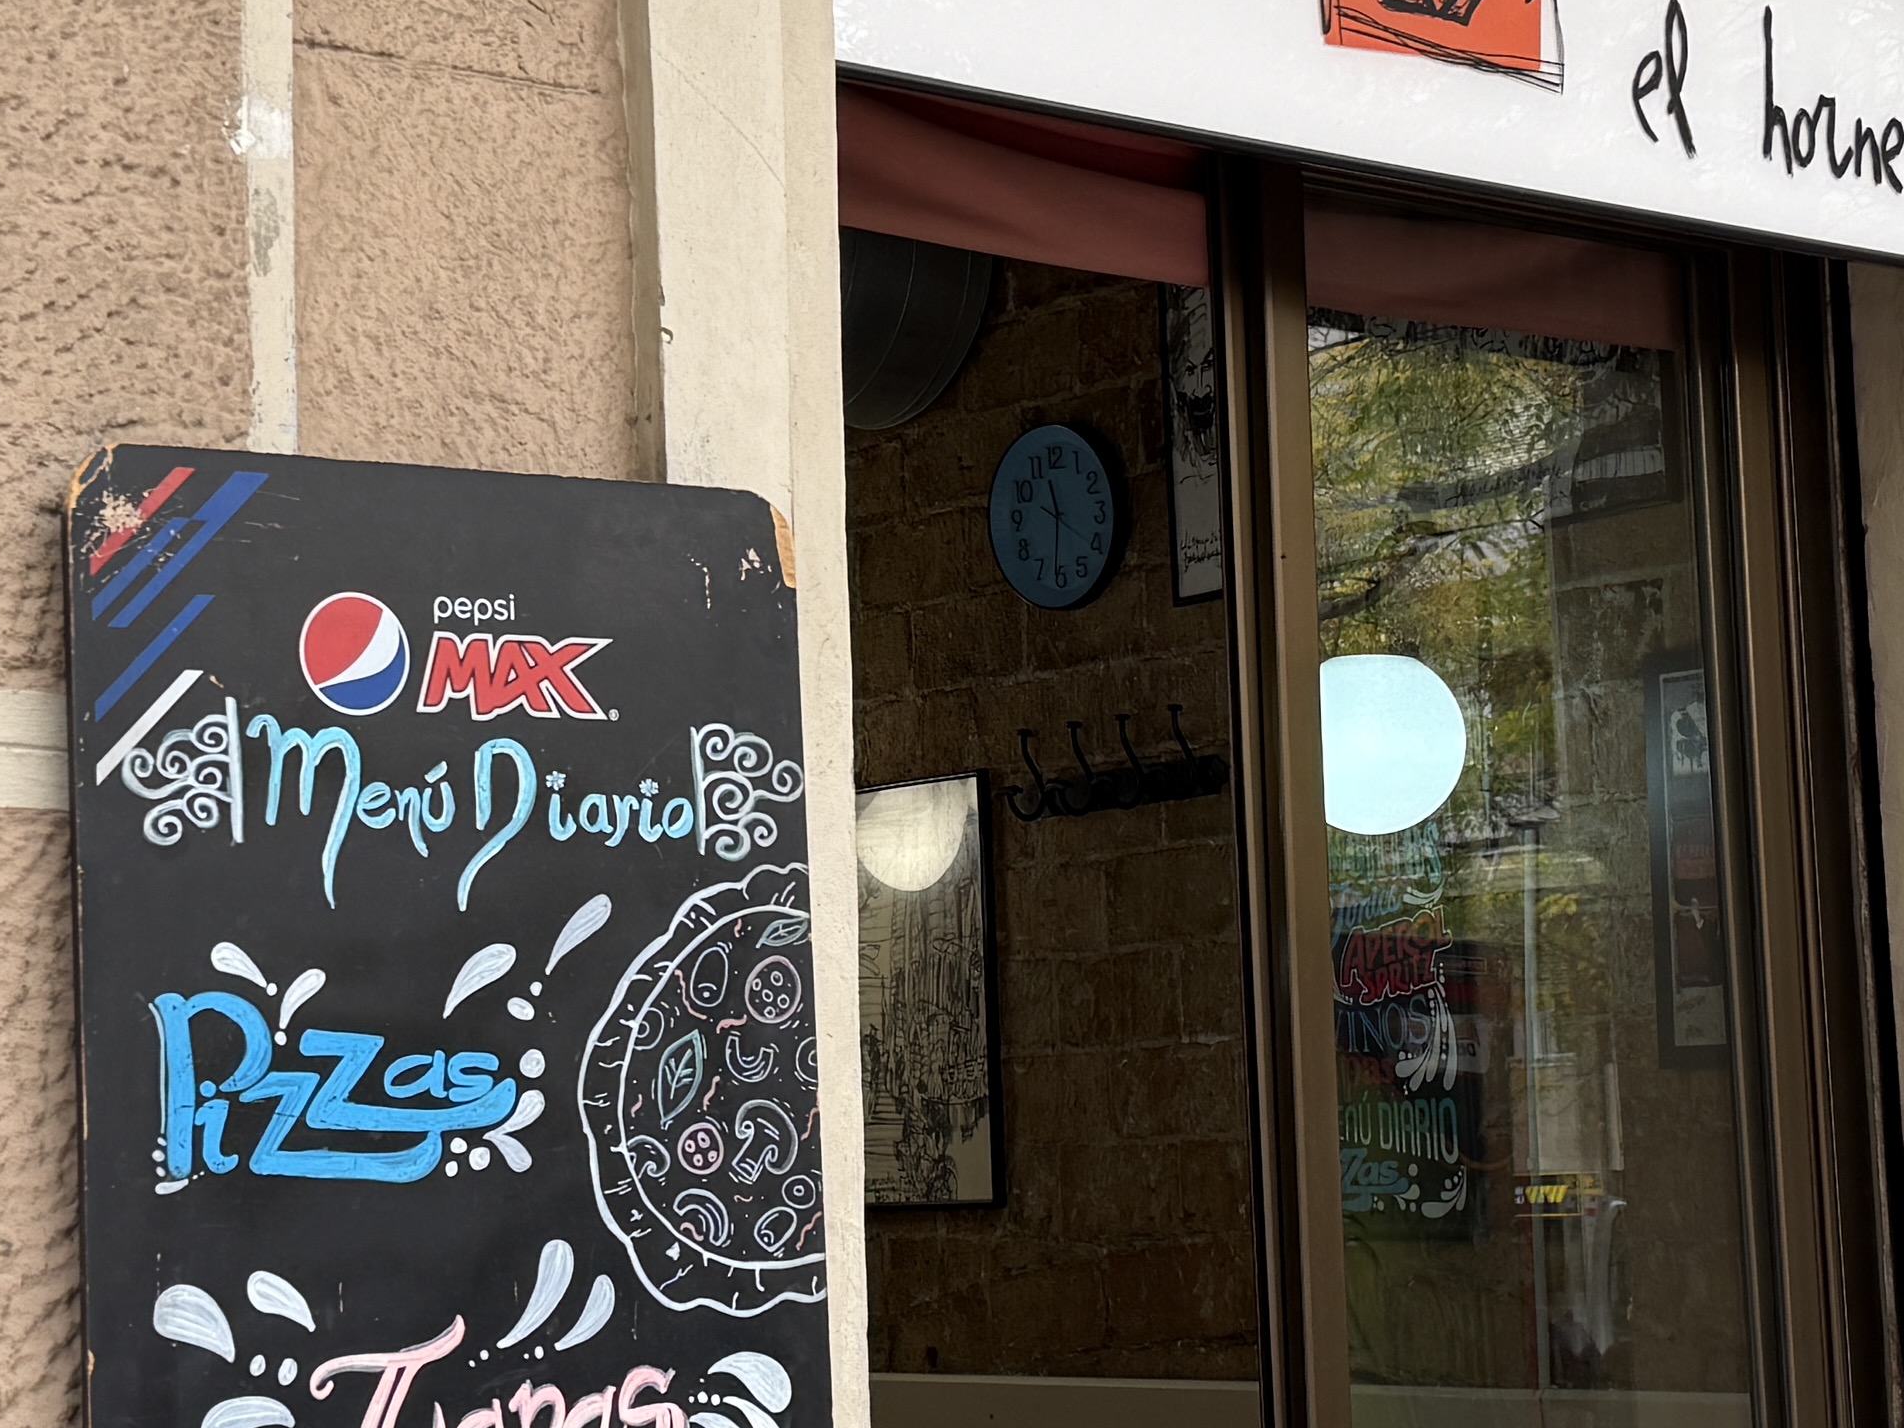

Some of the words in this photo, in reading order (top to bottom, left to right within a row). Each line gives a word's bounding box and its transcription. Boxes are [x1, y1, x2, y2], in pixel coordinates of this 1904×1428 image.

[1029, 455, 1043, 479] 11
[1046, 445, 1067, 469] 12
[1015, 479, 1034, 503] 10
[1086, 471, 1100, 495] 2
[1011, 509, 1023, 532] 9
[1093, 501, 1106, 524] 3
[1018, 538, 1030, 561] 8
[1090, 532, 1104, 555] 4
[1034, 558, 1045, 581] 7
[1056, 565, 1068, 589] 6
[1076, 556, 1089, 578] 5
[433, 593, 516, 623] pepsi
[416, 630, 614, 722] MAX
[246, 714, 457, 910] Menú
[456, 737, 695, 913] Diario
[1378, 1097, 1460, 1164] DIARIO
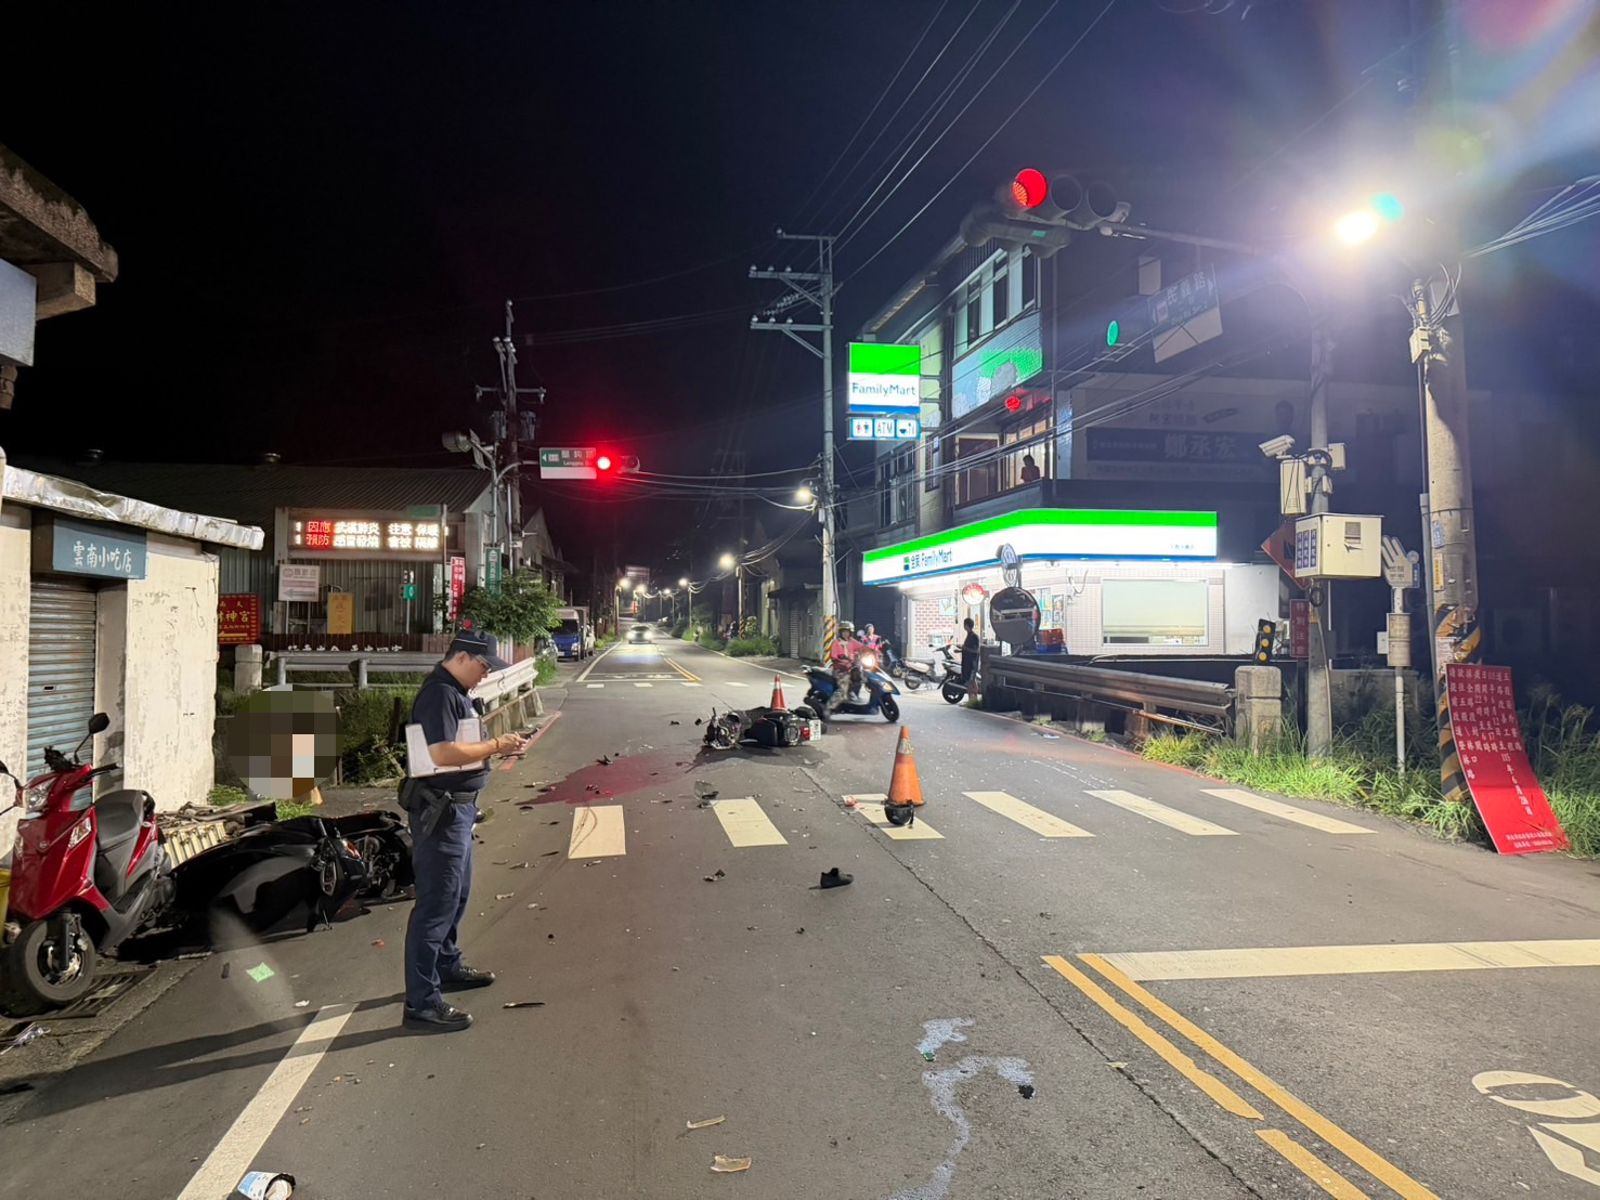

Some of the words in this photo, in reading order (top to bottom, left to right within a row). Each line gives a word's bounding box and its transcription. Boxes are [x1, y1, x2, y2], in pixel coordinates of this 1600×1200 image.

TASK TO COMPLETE — Reproduce the data above exactly, leaving out any picture in it.

RESPONSE AREA —
Some of the words in this photo, in reading order (top to bottom, left to right within a row). Each line gives a word's bounding box and its transcription. Boxes are [x1, y1, x2, y2], in pixel coordinates of this 1904×1428 image.

[1029, 455, 1043, 479] 11
[1046, 445, 1067, 469] 12
[1015, 479, 1034, 503] 10
[1086, 471, 1100, 495] 2
[1011, 509, 1023, 532] 9
[1093, 501, 1106, 524] 3
[1018, 538, 1030, 561] 8
[1090, 532, 1104, 555] 4
[1034, 558, 1045, 581] 7
[1056, 565, 1068, 589] 6
[1076, 556, 1089, 578] 5
[433, 593, 516, 623] pepsi
[416, 630, 614, 722] MAX
[246, 714, 457, 910] Menú
[456, 737, 695, 913] Diario
[1378, 1097, 1460, 1164] DIARIO

Some of the words in this photo, in reading order (top to bottom, left to right within a row). Each line gives a word's bounding box and its transcription. Boxes are [x1, y1, x2, y2], in pixel coordinates of this 1600×1200 image.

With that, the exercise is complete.